The American Airlines flight attendants union is in contract negotiations and is proposing to make schedules and quality of life worse for all crewmembers hired after the contract is signed.
If adopted, the union’s proposal would require new employees to sit on ‘standby’ to pick up trips for three years, effectively making them work in service of better schedules for all existing flight attendants. Notably this change would not apply to any flight attendant already hired by the airline and in their first three years of employment.
- Working ‘reserve’ means there are specific days and times you’re scheduled to be ‘on call’ for the month. You can get a call and have to acknowledge it right away, head straight to the airport.
You have to be available at all of your scheduled times, maybe starting at 4 a.m. You may sit at home, be out and about, and have to head into the airport to travel – or not. (You may also be told ahead of time that on some of your reserve days you’ll actually travel.)
- You may wind up traveling to different cities as a complete surprise. you don’t know where you’ll be sleeping on a given night. Or you may wake up in the middle of the night and wait, only to do nothing.
Flight attendants at American work ‘rotating reserve’ meaning that they get assigned to reserve rather than scheduled for duty in advance even as they gain seniority. Crew based in certain cities have continued to be scheduled for reserve even with 30 years on the job.
Most airlines schedule ‘straight reserve’ meaning crew spend their first few years without set trips schedules, and as they gain seniority they no longer have to work reserve at all.
Naturally, senior crewmembers prefer this, and have been pushing for their union to change the reserve method as part of contract negotiations. But junior crew don’t want this changed, since the current method means they aren’t always and only scheduled for reserve duty.
The union has updated members with is proposal to the company for a Rube Goldberg scheme to try to make everybody happy.
- Straight reserve for flight attendants who haven’t been hired yet, for their first three years, followed by rotating reserve schedules.
- This wouldn’t place anyone currently in the union on straight reserve, even if they’re in their first three years of employment
- And as long as American keeps hiring flight attendants, it would dramatically reduce the amount of time more senior crew have to work reserve (at the expense of the schedules new hires work, making the job less attractive for anyone applying in the future).
Flight attendants hate being scheduled for reserve.
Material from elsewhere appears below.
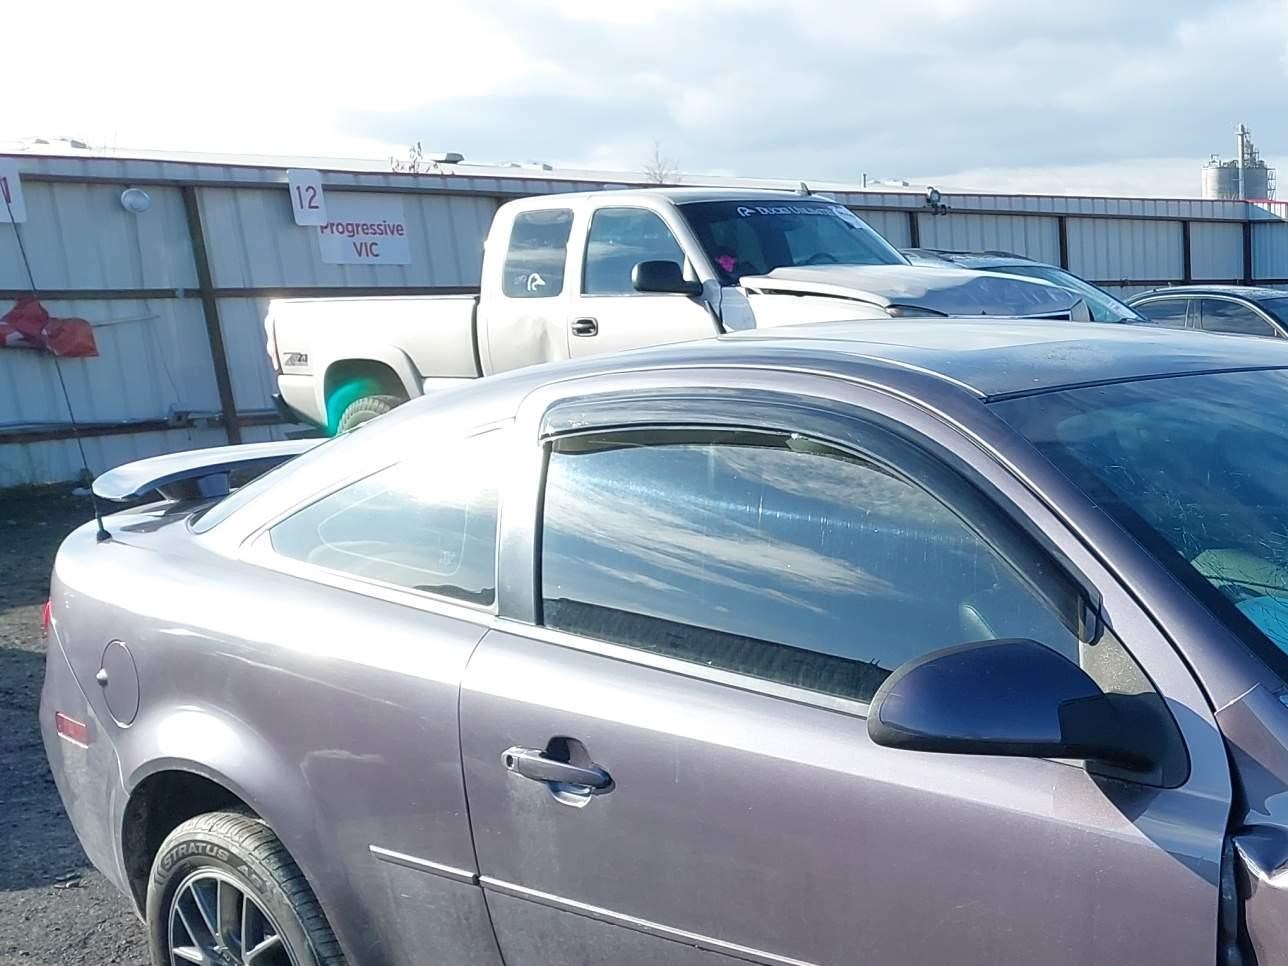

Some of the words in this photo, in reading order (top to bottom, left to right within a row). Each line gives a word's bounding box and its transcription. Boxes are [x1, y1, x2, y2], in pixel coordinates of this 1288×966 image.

[296, 185, 320, 209] 12
[320, 220, 405, 238] Progressive
[353, 242, 380, 257] VIC
[163, 842, 230, 870] STRATUS
I’m told that union leadership even supported American bringing back its attendance ‘points system’, which penalizes employees for calling in sick, because they feared that high sick rates would mean that the company scheduled more crew to work reserve as a backup. Now they’re proposing straight reserve, then rotating reserve, but only for future new hires.
This sheds light on an interesting phenomenon that’s underappreciated. Union contracts are generally designed to improve pay and quality of life for senior members at the expense of junior members. While the ‘union wage premium’, once estimated at 15% in academic literature, has disappeared in recent years more senior members of a union do well, but not at the expense of the company.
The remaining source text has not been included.